[Opening DATA section]

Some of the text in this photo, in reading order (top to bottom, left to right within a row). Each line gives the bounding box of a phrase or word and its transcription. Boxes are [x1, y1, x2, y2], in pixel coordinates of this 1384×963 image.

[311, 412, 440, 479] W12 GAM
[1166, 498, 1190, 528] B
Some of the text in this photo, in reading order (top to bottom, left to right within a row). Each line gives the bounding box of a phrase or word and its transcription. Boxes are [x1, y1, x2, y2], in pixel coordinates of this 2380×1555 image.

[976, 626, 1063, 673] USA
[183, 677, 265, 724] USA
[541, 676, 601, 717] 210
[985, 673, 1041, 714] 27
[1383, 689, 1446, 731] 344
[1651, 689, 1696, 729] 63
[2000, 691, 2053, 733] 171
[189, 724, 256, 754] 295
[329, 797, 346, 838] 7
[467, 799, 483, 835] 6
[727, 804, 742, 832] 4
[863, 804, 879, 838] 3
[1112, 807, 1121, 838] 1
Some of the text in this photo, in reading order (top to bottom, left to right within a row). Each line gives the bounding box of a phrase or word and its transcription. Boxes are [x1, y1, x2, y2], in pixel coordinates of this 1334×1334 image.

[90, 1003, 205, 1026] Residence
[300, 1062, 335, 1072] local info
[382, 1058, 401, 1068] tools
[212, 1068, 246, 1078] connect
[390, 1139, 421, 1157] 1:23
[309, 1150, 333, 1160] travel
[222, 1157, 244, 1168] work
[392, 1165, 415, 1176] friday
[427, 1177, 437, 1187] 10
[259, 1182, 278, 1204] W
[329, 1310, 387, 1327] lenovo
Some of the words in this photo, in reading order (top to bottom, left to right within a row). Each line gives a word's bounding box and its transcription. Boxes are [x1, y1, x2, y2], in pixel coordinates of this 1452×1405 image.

[Closing DATA section]

WORK REQUIRED
The records need to be set down again without a single difference.

ANSWER BOX
Some of the text in this photo, in reading order (top to bottom, left to right within a row). Each line gives the bounding box of a phrase or word and its transcription. Boxes are [x1, y1, x2, y2], in pixel coordinates of this 1384×963 image.

[311, 412, 440, 479] W12 GAM
[1166, 498, 1190, 528] B
Some of the text in this photo, in reading order (top to bottom, left to right within a row). Each line gives the bounding box of a phrase or word and its transcription. Boxes are [x1, y1, x2, y2], in pixel coordinates of this 2380×1555 image.

[976, 626, 1063, 673] USA
[183, 677, 265, 724] USA
[541, 676, 601, 717] 210
[985, 673, 1041, 714] 27
[1383, 689, 1446, 731] 344
[1651, 689, 1696, 729] 63
[2000, 691, 2053, 733] 171
[189, 724, 256, 754] 295
[329, 797, 346, 838] 7
[467, 799, 483, 835] 6
[727, 804, 742, 832] 4
[863, 804, 879, 838] 3
[1112, 807, 1121, 838] 1
Some of the text in this photo, in reading order (top to bottom, left to right within a row). Each line gives the bounding box of a phrase or word and its transcription. Boxes are [x1, y1, x2, y2], in pixel coordinates of this 1334×1334 image.

[90, 1003, 205, 1026] Residence
[300, 1062, 335, 1072] local info
[382, 1058, 401, 1068] tools
[212, 1068, 246, 1078] connect
[390, 1139, 421, 1157] 1:23
[309, 1150, 333, 1160] travel
[222, 1157, 244, 1168] work
[392, 1165, 415, 1176] friday
[427, 1177, 437, 1187] 10
[259, 1182, 278, 1204] W
[329, 1310, 387, 1327] lenovo
Some of the words in this photo, in reading order (top to bottom, left to right within a row). Each line gives a word's bounding box and its transcription. Boxes are [x1, y1, x2, y2], in pixel coordinates of this 1452×1405 image.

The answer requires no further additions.